In this book, Frollo betrays Esmerelda by handing her into the authorities and she is sentenced to death for a crime he committed. Frollo watches her public hanging from the cathedral balcony and laughs as she dies, prompting Quasimodo to push him to his death in a fit of rage.

Where did the Hunchback of Notre Dame come from?

The Hunchback of Notre Dame is set in Paris during the 15th century. The story centres on Quasimodo, the deformed bell ringer of Notre-Dame Cathedral, and his unrequited love for the beautiful dancer La Esmeralda. Esmeralda, born Agnès, is perceived to be a French Roma girl.

What is the significance of the structure of Notre Dame?

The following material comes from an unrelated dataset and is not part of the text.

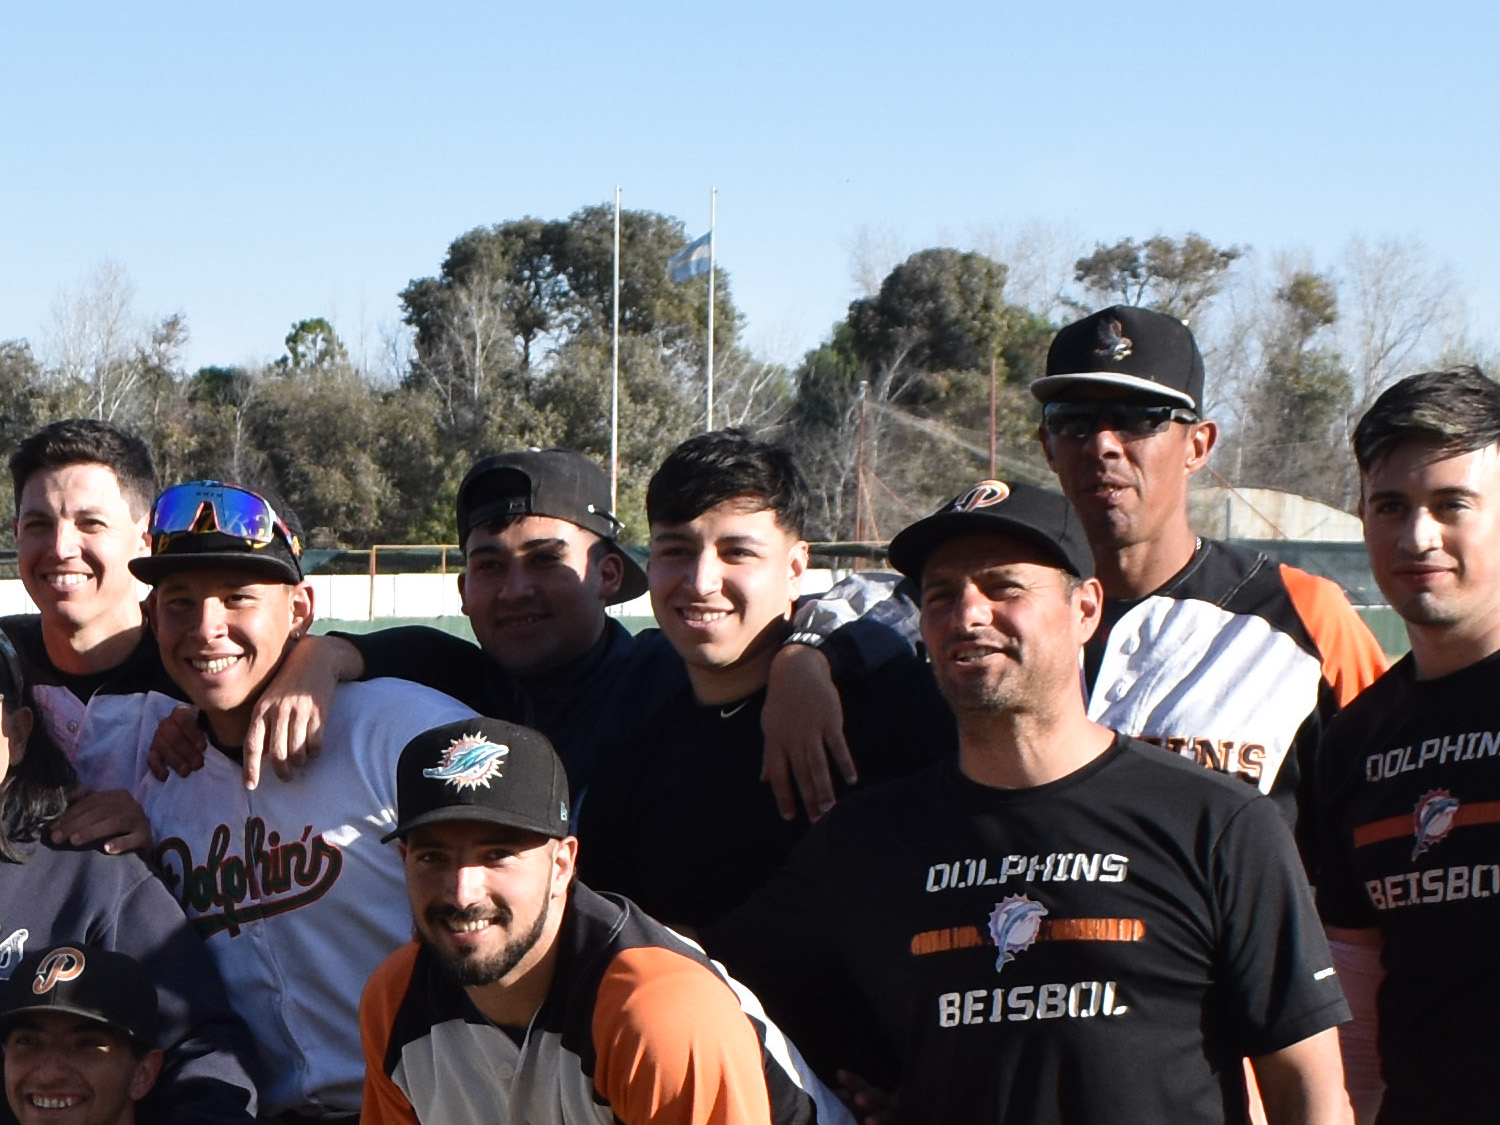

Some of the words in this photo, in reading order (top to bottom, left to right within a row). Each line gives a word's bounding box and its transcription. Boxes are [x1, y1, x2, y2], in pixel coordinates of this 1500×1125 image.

[926, 852, 1129, 892] DOLPHINS
[32, 946, 86, 995] P
[938, 980, 1130, 1028] BEISBOL

Notre Dame is the geographical and moral center of Hugo's fictional Paris. The cathedral inspired Hugo to write the novel and encouraged his life long passion for Gothic art and architecture.

Where is Esmeralda from?

Esmeralda (French: [?s. me. ??l. da]), born Agnès, is a fictional character in Victor Hugo's 1831 novel The Hunchback of Notre-Dame (or Notre Dame de Paris).

This article's tone or style may not reflect the encyclopedic tone used on Wikipedia.
Esmeralda
Religion Catholic
Nationality French

What is the tone of the story The Hunchback of Notre Dame?


Mood/Tone- The entire story makes the mood of the setting and events of Gothic Paris out to be very eerie and dark. There is the town hall, and the pope at the main cathedral, but those on the out-skirts of Notre Dame fall victim to murder, torture, and social injustices.

How does history influence the development of the plot of The Hunchback of Notre Dame?

The story of Hunchback of Notre Dame was greatly influenced by history of Europe in the Middle Ages. During the time that Victor Hugo, the author, was writing the book, the Notre Dame Cathedral was not being respected and valued. This inspired Hugo to use this concept in his story.

What is the setting of the Hunchback of Notre Dame?

The story takes place in Paris, in 1482. The gypsy Esmeralda (born as Agnés) captures the hearts of many men, including those of Captain Phoebus and Pierre Gringoire, but especially the Hunchback Quasimodo and his guardian Archdeacon Claude Frollo. The story takes place in Paris, in 1482.

What would Quasimodo look like normal?

Disney's Quasimodo looks like to extent but everything about is soft and round. His mouth is normal. His eyes are both visible despite the protrusion, His hair isn't bushy in the slightest, it's smooth and straight and he eyebrows are slightly think but not bushy. His teeth are uneven but not like tucks.

Did the Hunchback die?


The Hunchback of Notre Dame
Quasimodo and Frollo both fell in love with the same woman, Esmeralda. At the end of the film, Quasimodo pushed Frollo, the villain, off the roof of the cathedral, killing him. Quasi then goes to Esmeralda's grave and refuses to leave her, so he ultimately dies of starvation there.

Why is Quasimodo white?

It's not too implausible for Quasimodo to have recieved red hair, white skin (which is also explained by him remaining mostly indoors) and his physical deformations from an unlucky inheritance of particular genes.

Are there real hunchbacks?

The Hunchback of Notre Dame
It is based on the Victor Hugo novel of the same name, published in 1831, and until recently was believed to be completely fictional.